World day against software patents

24 September 2008 will be the fifth anniversary of the first reading in the European parliament of the highly amended and ultimately ill-fated EC directive on computer-implemented inventions. The directive, as regular IPKat readers will know, was originally designed to codify the practice that was already in place at the European patent office so that any discrepancies between EPO practice and the application of national laws throughout the EU member states could be minimised. After a concerted effort by anti-patent lobbyists, resulting in widespread confusion and misinformation about what the directive was supposed to achieve, the directive was scrapped in 2005, largely due to being scuppered by numerous conflicting and nonsensical amendments. European patent office practice, of course, went on as normal.

Marking this dubious anniversary, the grandly-titled Foundation for a Free Information Infrastructure (FFII) has announced that 24 September 2008 will be known as "World day against software patents". On stopsoftwarepatents.org, they would like us all to consider the following:

"The issue of software patents is a global one, and several governments and patent offices around the world continue to grant software & business method patents on a daily basis; they are pushing for legal codification of the practice, such as currently in New Zealand and India, and via the misappropriation of Free Trade Agreement instruments;

Previous initiatives as the Noepatents.org petition (approx. 400 000) at the EU level are outdated (notably on the issues of the central EU patent court) and not open for signatures anymore.

Companies still view software patents as assets [IPKat comment: well, what else would they be?]. They have yet to understand that software patents should also be considered liabilities, especially if they are in the hands of trolls [IPKat comment: define troll? IBM? Microsoft? Google? Nathan Myhrvold?].

Time is on our side as litigation gets spread wide: Markets learn the hard way that you may not leave reform to patent professionals [IPKat comment: so we should put reform in the hands of people who know nothing about patent law instead?]. Patent litigation is becoming wide spread in key markets such as the financial sector, and will be more wide spread in the software sector in the forthcoming years due to the number of applications pending [IPKat comment: so what is the link between pendency and litigation? I think we should be told];

The United States needs a larger coalition of business and civil society against software patents [IPKat comment: why?]

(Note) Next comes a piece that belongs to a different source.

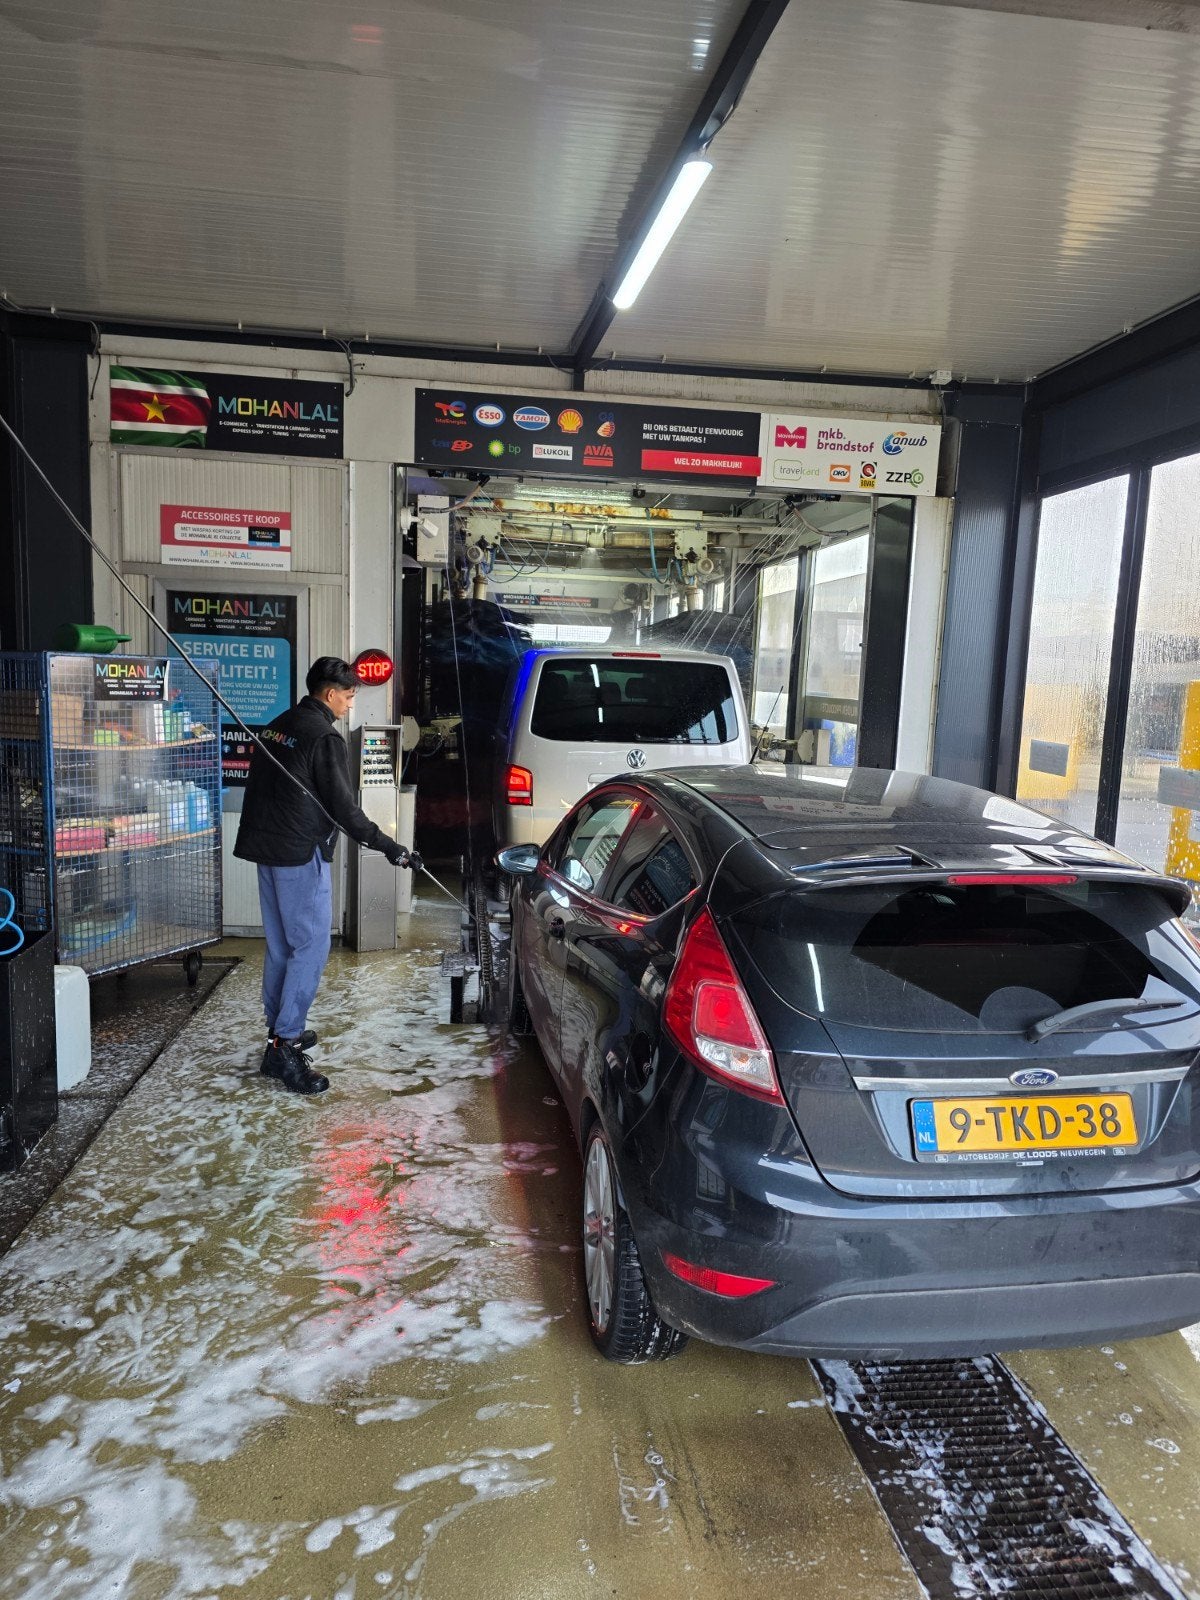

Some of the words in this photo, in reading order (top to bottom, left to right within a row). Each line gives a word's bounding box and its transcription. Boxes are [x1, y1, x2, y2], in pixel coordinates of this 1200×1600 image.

The lobby gap makes Congress and Senate, the Court of Appeals for the Federal Circuit (CAFC) and the Supreme Court susceptible to lobbying from patent industries, holders and patent professionals. American software developers have been intimidated by the patent establishment and should make themselves heard [IPKat comment: this sounds like a classic paranoid conspiracy theory line].

Companies affected by software patent litigation have been lobbying for reform, but their advocacy for "quality" and "lower damages" aims at symptoms rather than the roots of the problem [IPKat comment: totally untrue; increased quality of examination is the key to avoiding bad patents, in whatever field they may be. The problem of excessive damages is peculiar to the US, and should be addressed].

For these reasons,

We declare the 24 September as the World Day Against Software Patents, in commemoration of the European Parliament First Reading in 2003 with amendments stopping the harmful patenting of software, guaranteeing that software programmers and businesses can safely benefit from the fruits of their work under copyright law.

A Global Petition will be launched which asks to stop software patents, with some localised versions of the petition for specific regions, such as New Zealand, India, United States and Europe. The public will be invited to comment on the draft between the 1st and the 23rd September."
The IPKat is, as readers might suspect, highly sceptical about the real motives and aims of this particular anti-patent lobby. If they had their way, we would see many worthwhile inventions fail to get any realistic level of protection outside the limited range of copyright.  Any reform of the system to address the real underlying problem of how to improve patent quality to minimise the number of 'bad' patents that get granted (and most of them are undoubtedly in the US, which has its own particular examination issues) will, the IPKat suspects, never be enough for the FFII.  Merpel would like to controversially point out that the ideological basis of the anti-patent lobbyists seem to have a lot in common with other single issue pressure groups like anti-globalisationists and man-made global warming alarmists; nothing the rest of us can do will ever be enough for them.